C-O Lyases

Base excision repair (BER) is the predominant system correcting simple DNA base lesions formed by oxidation or other DNA damaging agents. Repair of apurinic/apyrimidinic (AP) sites arising in the genome spontaneously or as intermediates of BER is critical owing to their toxic and mutagenic effects. The mammalian apurinic/apyrimidinic endonuclease APE1 (EC 4.2.99.18) is a Mg2+-dependent multifunctional protein operating in protection of cells from oxidative stress via its DNA repair, redox, and transcription regulatory activities. The human AP endonuclease APE1, also called Ref-1 is the major and crucial enzyme for the recognition and processing of AP sites in the base excision repair (BER) of DNA[1]. APE1 operates by incising the DNA phosphodiester backbone 5′ to AP sites, generating a nick with 3′-hydroxyl and 5′-deoxyribose phosphate (dRP) termini.

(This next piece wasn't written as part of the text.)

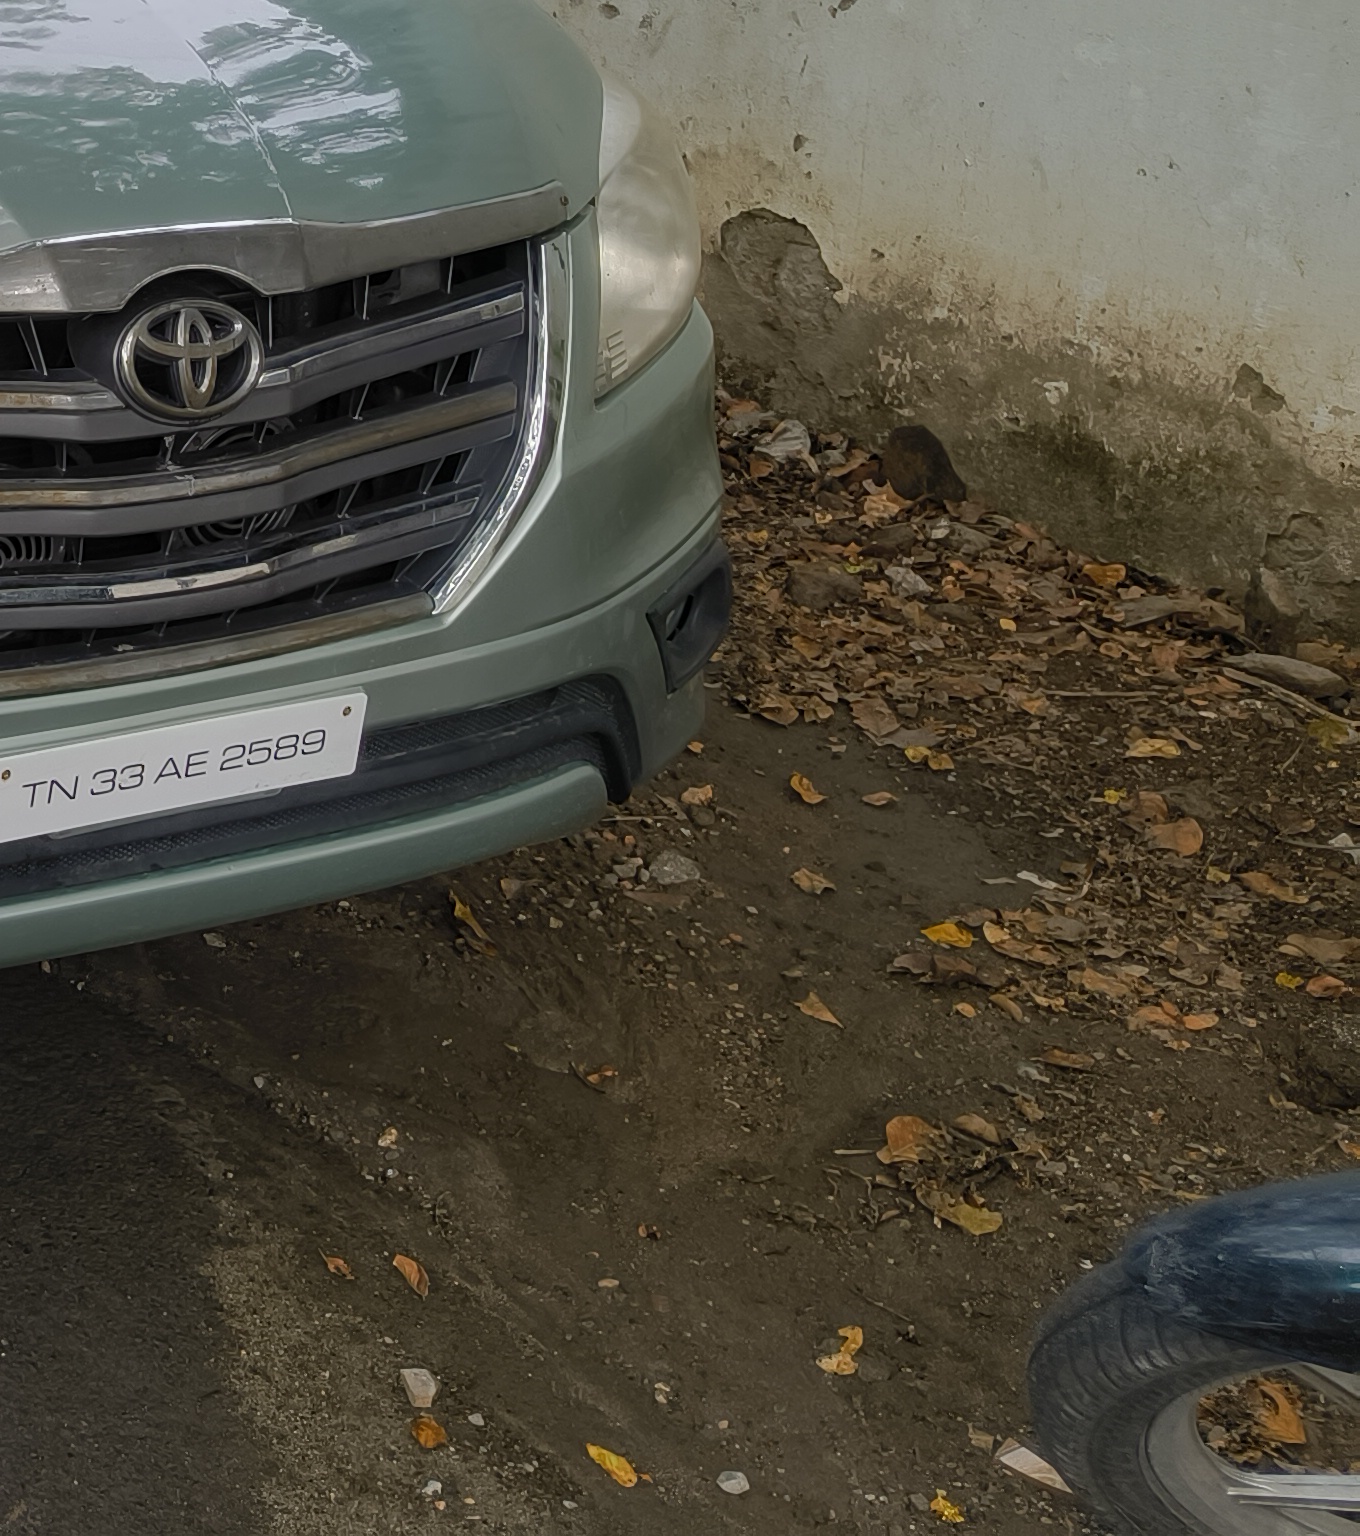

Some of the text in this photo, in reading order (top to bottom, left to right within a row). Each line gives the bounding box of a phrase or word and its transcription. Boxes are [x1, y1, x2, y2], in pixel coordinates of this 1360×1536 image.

[22, 729, 327, 808] TN 33 AE 2589
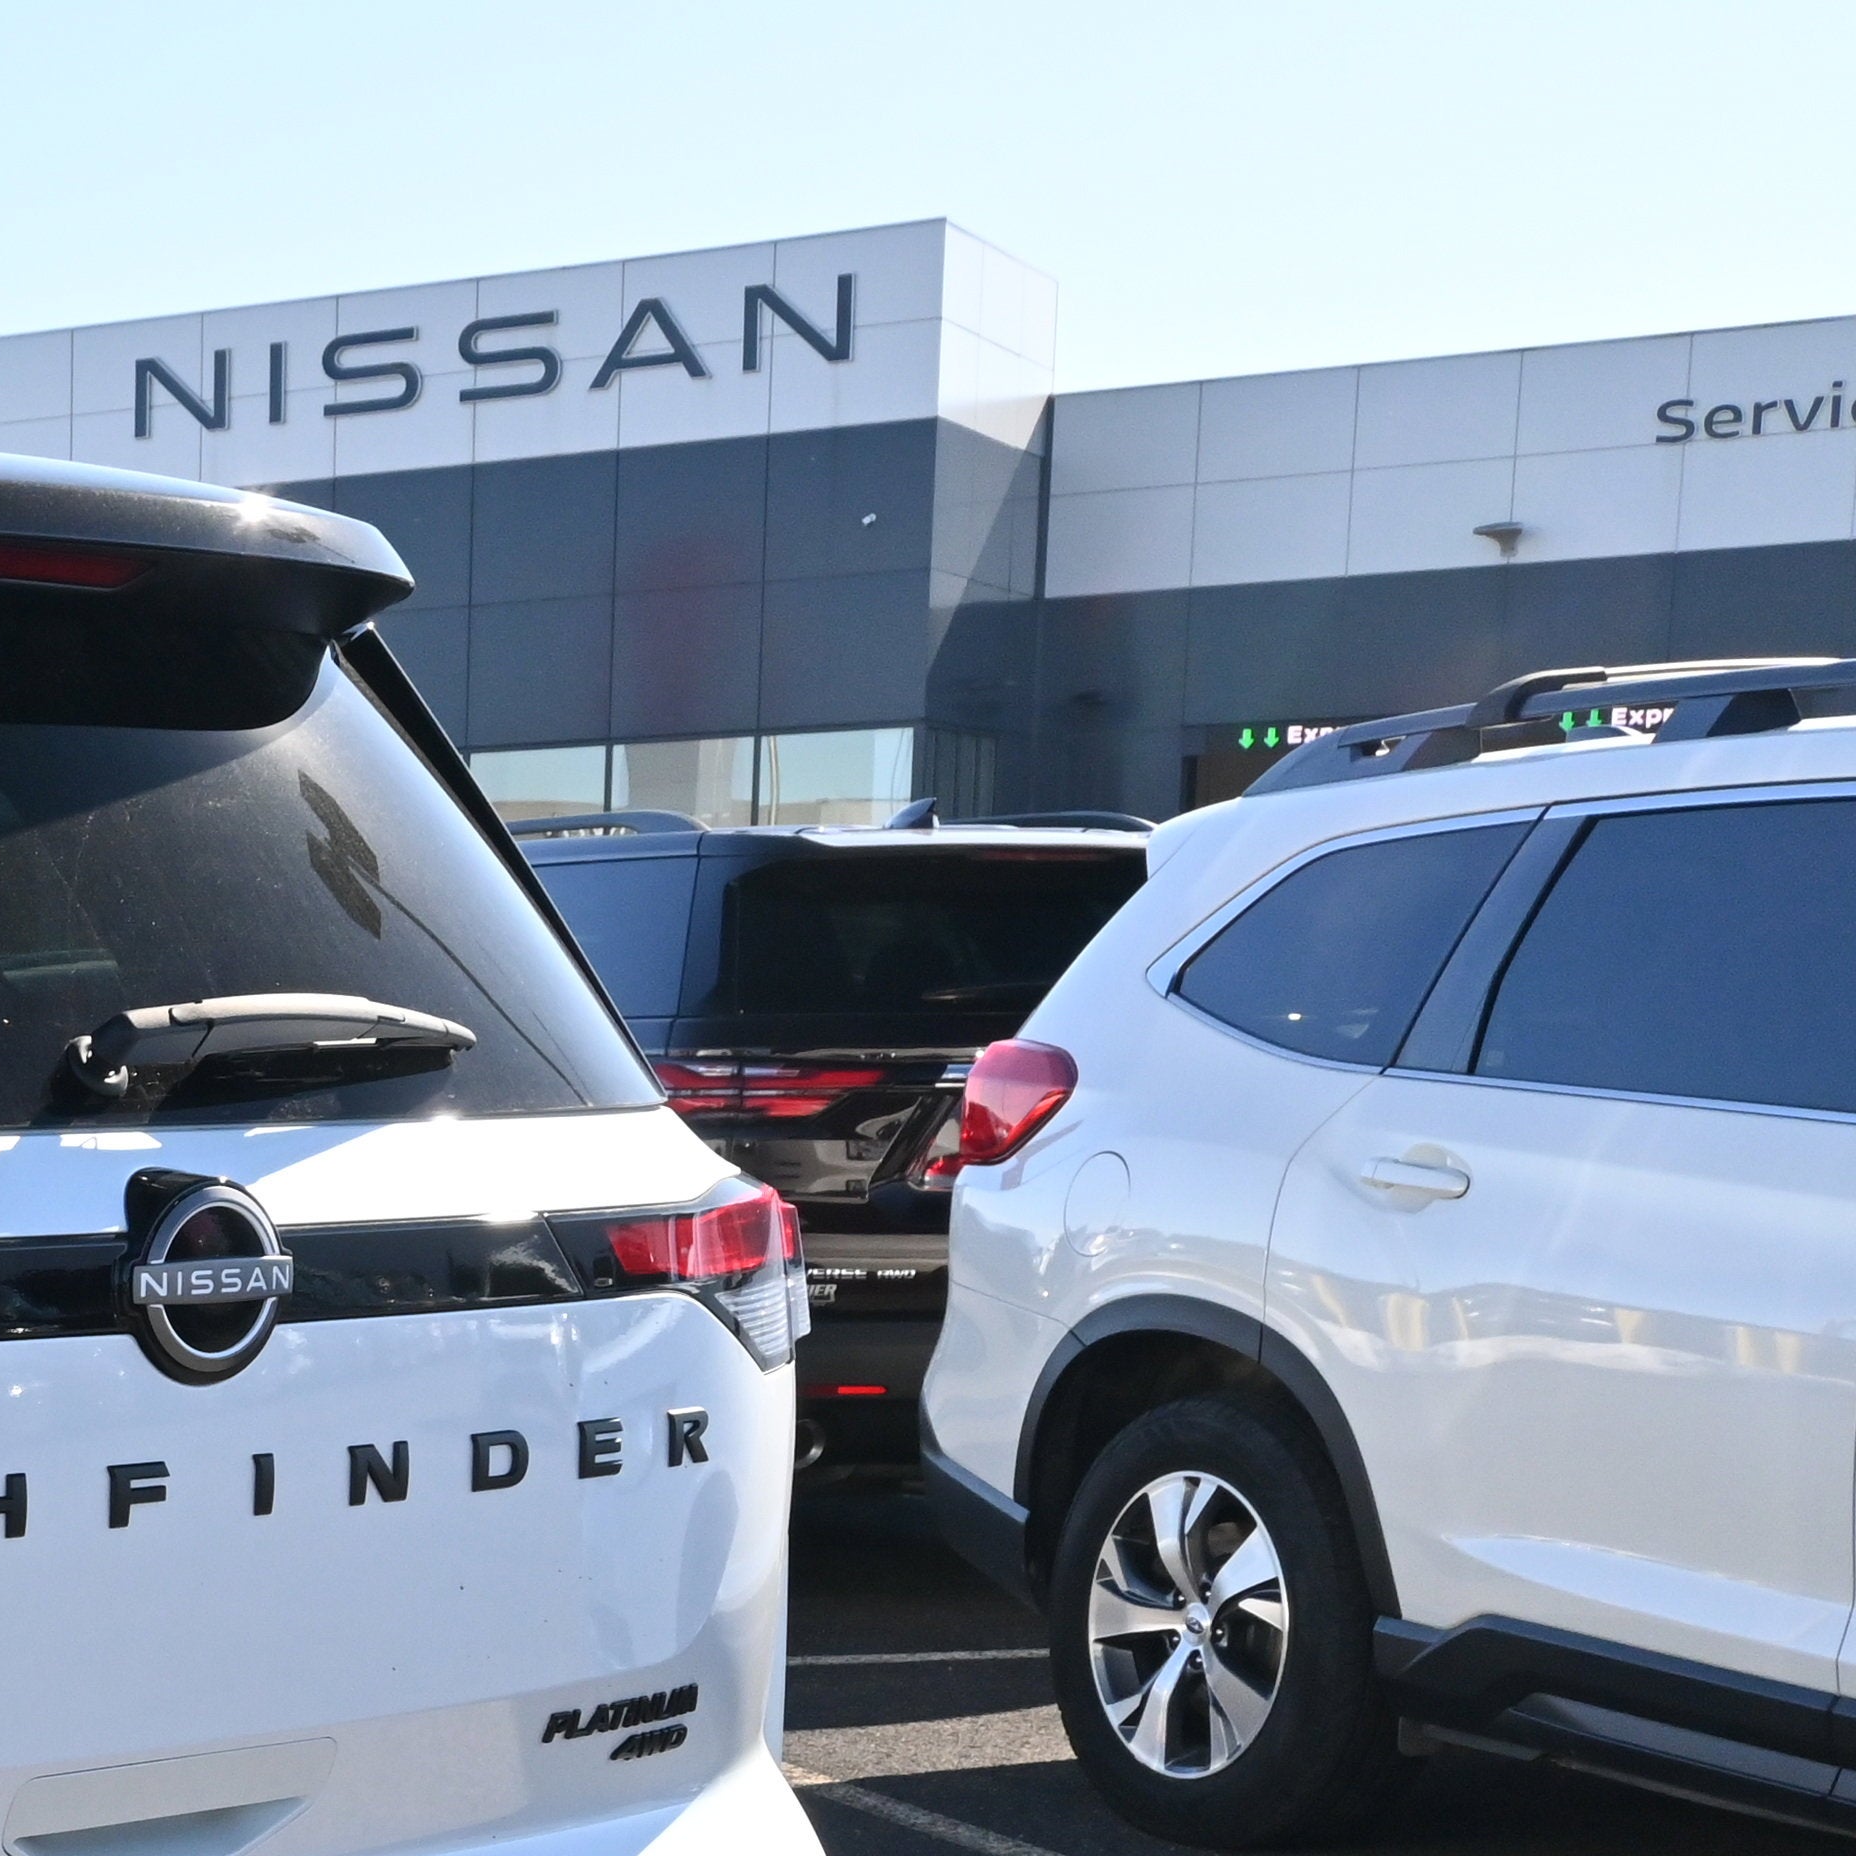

Repair of the resulting nick is completed by DNA polymerase and DNA ligase. In addition to its endonuclease activity, APE1 is known to have 3′-phosphodiesterase and 3′-phosphatase activity and 3′ to 5′ exonuclease activity as well as a role in regulating the redox state of several transcription factors[2].


[1] S.Madlenera et al. Essential role for mammalian apurinic/apyrimidinic (AP) endonuclease Ape1/Ref-1 in telomere maintenance. PNAS 2013, publ. online before print.
[2] K.M. Schermerhorn, S. Delaney. Transient-State Kinetics of Apurinic/Apyrimidinic (AP) Endonuclease 1 Acting on an Authentic AP Site and Commonly Used Substrate Analogs: The Effect of Diverse Metal Ions and Base Mismatches. Biochem. 2013, 52, 7669-7677.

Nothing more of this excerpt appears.